Records drawn from a dataset
══════════
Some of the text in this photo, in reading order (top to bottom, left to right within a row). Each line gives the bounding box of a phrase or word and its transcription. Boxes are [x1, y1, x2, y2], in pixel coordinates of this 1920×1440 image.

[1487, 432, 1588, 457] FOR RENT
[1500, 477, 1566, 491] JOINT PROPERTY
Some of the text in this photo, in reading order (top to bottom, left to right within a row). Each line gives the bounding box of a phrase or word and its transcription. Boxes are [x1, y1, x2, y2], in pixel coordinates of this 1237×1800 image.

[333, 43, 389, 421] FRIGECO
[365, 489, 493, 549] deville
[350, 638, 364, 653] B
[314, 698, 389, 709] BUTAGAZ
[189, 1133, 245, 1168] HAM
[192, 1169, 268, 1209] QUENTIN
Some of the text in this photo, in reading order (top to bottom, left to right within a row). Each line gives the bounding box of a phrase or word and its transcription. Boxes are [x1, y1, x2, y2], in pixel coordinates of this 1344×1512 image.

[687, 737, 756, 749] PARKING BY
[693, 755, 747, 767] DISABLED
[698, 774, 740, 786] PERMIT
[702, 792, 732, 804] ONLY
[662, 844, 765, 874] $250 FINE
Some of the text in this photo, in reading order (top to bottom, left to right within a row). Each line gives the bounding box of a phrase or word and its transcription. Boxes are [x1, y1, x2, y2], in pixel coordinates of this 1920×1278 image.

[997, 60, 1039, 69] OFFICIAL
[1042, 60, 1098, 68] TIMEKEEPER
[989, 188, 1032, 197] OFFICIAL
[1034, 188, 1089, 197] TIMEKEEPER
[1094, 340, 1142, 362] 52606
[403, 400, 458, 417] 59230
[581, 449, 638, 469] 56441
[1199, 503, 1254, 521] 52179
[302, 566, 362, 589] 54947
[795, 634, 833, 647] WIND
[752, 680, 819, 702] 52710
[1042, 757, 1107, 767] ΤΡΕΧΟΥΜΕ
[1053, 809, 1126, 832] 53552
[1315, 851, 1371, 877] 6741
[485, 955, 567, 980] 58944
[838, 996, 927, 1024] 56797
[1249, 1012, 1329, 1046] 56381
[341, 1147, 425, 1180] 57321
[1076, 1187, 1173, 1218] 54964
══════════
EXERCISE GOAL
A faithful retyping of every entry above is the task.

RESULT OF THE EXERCISE
Some of the text in this photo, in reading order (top to bottom, left to right within a row). Each line gives the bounding box of a phrase or word and its transcription. Boxes are [x1, y1, x2, y2], in pixel coordinates of this 1920×1440 image.

[1487, 432, 1588, 457] FOR RENT
[1500, 477, 1566, 491] JOINT PROPERTY
Some of the text in this photo, in reading order (top to bottom, left to right within a row). Each line gives the bounding box of a phrase or word and its transcription. Boxes are [x1, y1, x2, y2], in pixel coordinates of this 1237×1800 image.

[333, 43, 389, 421] FRIGECO
[365, 489, 493, 549] deville
[350, 638, 364, 653] B
[314, 698, 389, 709] BUTAGAZ
[189, 1133, 245, 1168] HAM
[192, 1169, 268, 1209] QUENTIN
Some of the text in this photo, in reading order (top to bottom, left to right within a row). Each line gives the bounding box of a phrase or word and its transcription. Boxes are [x1, y1, x2, y2], in pixel coordinates of this 1344×1512 image.

[687, 737, 756, 749] PARKING BY
[693, 755, 747, 767] DISABLED
[698, 774, 740, 786] PERMIT
[702, 792, 732, 804] ONLY
[662, 844, 765, 874] $250 FINE
Some of the text in this photo, in reading order (top to bottom, left to right within a row). Each line gives the bounding box of a phrase or word and its transcription. Boxes are [x1, y1, x2, y2], in pixel coordinates of this 1920×1278 image.

[997, 60, 1039, 69] OFFICIAL
[1042, 60, 1098, 68] TIMEKEEPER
[989, 188, 1032, 197] OFFICIAL
[1034, 188, 1089, 197] TIMEKEEPER
[1094, 340, 1142, 362] 52606
[403, 400, 458, 417] 59230
[581, 449, 638, 469] 56441
[1199, 503, 1254, 521] 52179
[302, 566, 362, 589] 54947
[795, 634, 833, 647] WIND
[752, 680, 819, 702] 52710
[1042, 757, 1107, 767] ΤΡΕΧΟΥΜΕ
[1053, 809, 1126, 832] 53552
[1315, 851, 1371, 877] 6741
[485, 955, 567, 980] 58944
[838, 996, 927, 1024] 56797
[1249, 1012, 1329, 1046] 56381
[341, 1147, 425, 1180] 57321
[1076, 1187, 1173, 1218] 54964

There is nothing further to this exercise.